#### Dataset extract
——————————

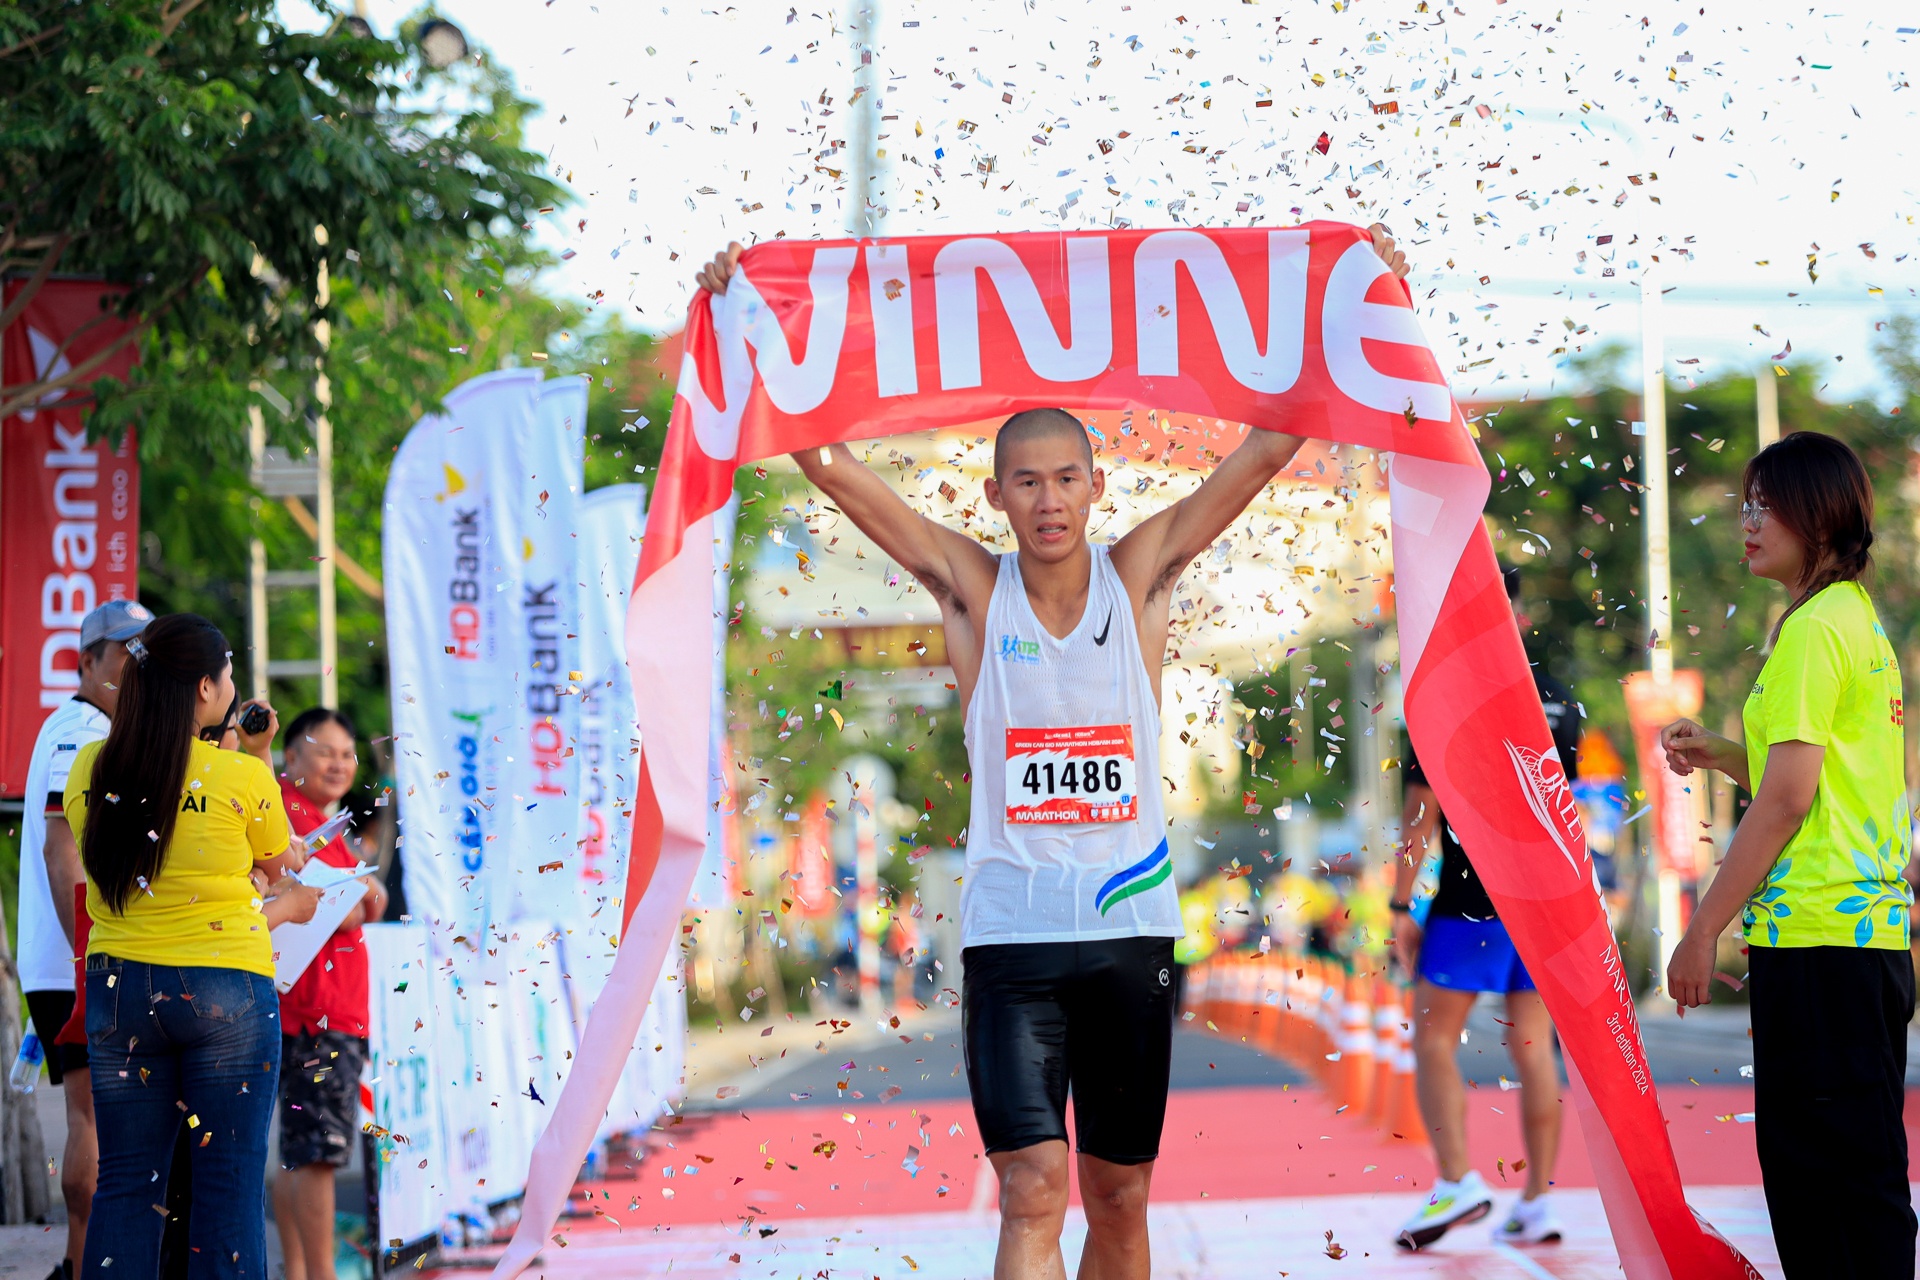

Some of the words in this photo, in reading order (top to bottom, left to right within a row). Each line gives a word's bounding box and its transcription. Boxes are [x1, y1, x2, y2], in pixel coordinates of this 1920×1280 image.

[451, 507, 480, 660] HDBank
[524, 580, 565, 794] HDBank
[1055, 740, 1087, 748] MARATHON
[1022, 759, 1122, 795] 41486
[1016, 811, 1080, 820] MARATHON
[1606, 1012, 1624, 1035] 3rd
[1615, 1032, 1637, 1070] edition
[1631, 1065, 1650, 1096] 2024

——————————

#### Work order
Give every line of the records above again, exactly, and omit the pictures.

#### Answer to this task
Some of the words in this photo, in reading order (top to bottom, left to right within a row). Each line gives a word's bounding box and its transcription. Boxes are [x1, y1, x2, y2], in pixel coordinates of this 1920×1280 image.

[451, 507, 480, 660] HDBank
[524, 580, 565, 794] HDBank
[1055, 740, 1087, 748] MARATHON
[1022, 759, 1122, 795] 41486
[1016, 811, 1080, 820] MARATHON
[1606, 1012, 1624, 1035] 3rd
[1615, 1032, 1637, 1070] edition
[1631, 1065, 1650, 1096] 2024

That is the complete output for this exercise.